Doseone -- aka Adam Drucker -- is not as well known as any of the above artists. In fact, if you were to ask most knowledgeable hip hop fans who he is, you'd probably get blank stares and shrugged shoulders. However, if you were to poll a growing number of indie rock fans and underground rap lovers, you just might find that Drucker has, over the last three years and under a wealth of different names, crafted some of the most unusual, thought-provoking, just-plain-crazy hip hop around.

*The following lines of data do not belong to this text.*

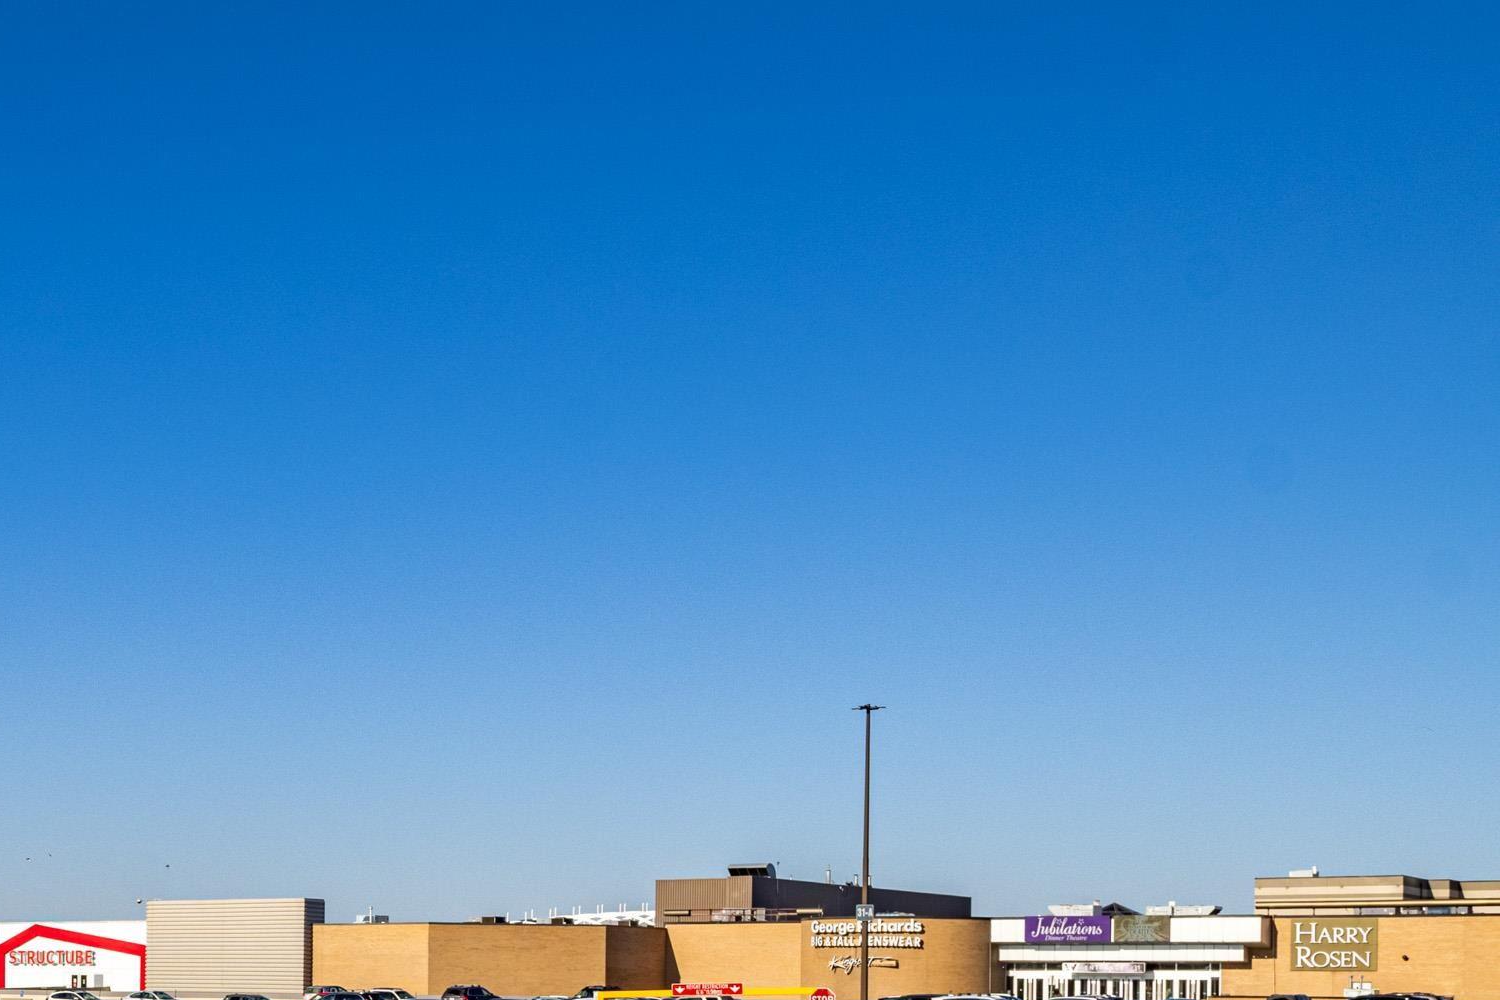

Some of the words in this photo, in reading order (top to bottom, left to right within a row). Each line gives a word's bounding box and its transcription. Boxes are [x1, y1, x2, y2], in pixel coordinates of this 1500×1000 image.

[857, 907, 874, 918] 31-A
[811, 920, 854, 935] George
[1031, 915, 1103, 938] Jubilations
[1293, 922, 1373, 944] HARRY
[810, 935, 823, 947] BIG
[831, 935, 855, 947] TALL
[8, 950, 95, 965] STRUCTUBE
[1295, 946, 1372, 968] ROSEN

"I'd never heard anything like it as far as what was considered hip hop," improv musician Dax Pierson says about first hearing Drucker's recordings. "His voice was really original -- that nasal quality -- and what he's saying is so untypical. It's off-the-wall, spiritual, almost psychedelic, whereas [much] hip hop is homophobic, misogynistic, and violent."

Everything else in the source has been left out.